In its seventh year, the Toni Beauchamp Prize seeks to support young and mid-career art writers who combine scholarship and journalism, a unique voice, and literary excellence.
The two runners up include “Collapsed Locality” by Kai Hatcher and “Queer Female Visibility in Art History: Contemporary Conflation or Intentional Invisibility?” by Marquita De Jesus
Micki Meng, on the winner:
"Fishing for Holes in Water: On the Ecopoetics of Penda Diakité’s Mixed-Media Art" has a nuanced understanding of the symbolic, rhetoric, literal, and analytic conceptions of the ecological, the indigenous, and the feminine. Nice writing style, developed a clear POV, and builds meaningful insight alongside the example chosen.
“Fishing for Holes in Water: On the Ecopoetics of Penda Diakité's Mixed-Media Art” by Constance Collier-Mercado
Constance Collier-Mercado is an experimental writer and artist whose work examines nuance within dialectical, multilingual, and equivocal spaces. Consumed by ideas of global Blackness as polyamorous Church, she weaves this aesthetic into her practice via an irreverent blk feminine divine. Constance has received Fellowships from Baldwin for the Arts, MacDowell, The Stay at Nearview, The Periplus Collective, The Watering Hole, Kimbilio, The Hambidge Center, and Jack Jones Literary Arts. Her writing has been published in the African Diaspora Art Museum of Atlanta (ADAMA) blog, Obsidian, Hennepin Review, Root Work Journal, The Believer, Kweli Journal, and elsewhere.
2023 Honorable Mentions
“Collapsed Locality” by Kai Hatcher
Kai Hatcher is a Long Island based writer and art critic. She is currently pursuing an MA in Art History & Criticism at Stony Brook University. Her research interests explore the relations between black diasporic visual languages, site specificity and materiality with a particular interest in photography, sculpture, and installation. Her current research investigates urbanity, the aesthetics of decay and its intersections in Afrofuturist narratives. Her most recent writing can be found in The Public Review.

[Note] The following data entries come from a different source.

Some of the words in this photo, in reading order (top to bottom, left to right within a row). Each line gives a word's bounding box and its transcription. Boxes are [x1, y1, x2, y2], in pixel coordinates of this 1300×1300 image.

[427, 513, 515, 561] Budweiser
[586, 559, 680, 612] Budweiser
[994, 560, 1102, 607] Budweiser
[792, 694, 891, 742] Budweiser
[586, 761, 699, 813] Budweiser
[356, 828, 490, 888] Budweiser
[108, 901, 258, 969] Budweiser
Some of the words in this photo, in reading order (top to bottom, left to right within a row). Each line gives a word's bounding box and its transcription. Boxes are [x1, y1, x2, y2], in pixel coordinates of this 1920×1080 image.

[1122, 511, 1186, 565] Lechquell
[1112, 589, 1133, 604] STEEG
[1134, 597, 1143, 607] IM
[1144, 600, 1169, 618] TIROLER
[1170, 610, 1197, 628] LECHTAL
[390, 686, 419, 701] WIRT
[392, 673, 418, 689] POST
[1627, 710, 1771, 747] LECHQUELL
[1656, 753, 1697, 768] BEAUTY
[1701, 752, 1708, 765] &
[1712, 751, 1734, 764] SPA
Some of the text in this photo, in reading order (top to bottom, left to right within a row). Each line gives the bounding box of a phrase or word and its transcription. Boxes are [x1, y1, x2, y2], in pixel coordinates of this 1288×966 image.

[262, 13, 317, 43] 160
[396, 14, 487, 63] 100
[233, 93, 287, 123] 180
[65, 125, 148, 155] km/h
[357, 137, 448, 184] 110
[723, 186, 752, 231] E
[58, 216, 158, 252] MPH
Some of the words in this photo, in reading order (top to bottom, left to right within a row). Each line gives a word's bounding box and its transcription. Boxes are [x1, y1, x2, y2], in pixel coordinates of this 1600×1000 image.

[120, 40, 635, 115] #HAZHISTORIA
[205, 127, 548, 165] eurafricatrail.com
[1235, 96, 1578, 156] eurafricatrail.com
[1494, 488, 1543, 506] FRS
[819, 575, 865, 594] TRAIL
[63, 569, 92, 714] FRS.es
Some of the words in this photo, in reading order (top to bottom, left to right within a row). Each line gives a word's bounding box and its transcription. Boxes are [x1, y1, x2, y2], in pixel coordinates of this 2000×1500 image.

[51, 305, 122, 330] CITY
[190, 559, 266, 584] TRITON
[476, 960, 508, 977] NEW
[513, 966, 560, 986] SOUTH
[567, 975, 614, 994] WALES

“Queer Female Visibility in Art History: Contemporary Conflation or Intentional Invisibility?” by Marquita De Jesus
Marquita is a fully funded PhD student and member of the Visual and Performing Arts teaching faculty at the University of Texas at Dallas. Marquita is also an Associate Professor with Dallas College and serves as Artistic Director for Fusion, a 501 c(3) non profit performing arts organization. Active scholarship presentations include the Reading, Art, and Writing (RAW) Conference at the University of Texas at Dallas (2022), the New Directions in Humanities Conference at the University of the Aegean in Rhodes, Greece (June 2022), and the Form and Feeling Conference at Ghent University in Ghent, Belgium (October 2022). Marquita recently published with the International Journal of Art Education and is the Guest Editor for a special edition of the Pennsylvania Communication Annual this Fall exploring the impact of visual, performing and literary arts on somatic reclamation in marginalized communities.
Thanks to everyone who entered the 2023 Toni Beauchamp Prize. The winning essays will be printed in the upcoming Spring 2024 issue of Gulf Coast, and online.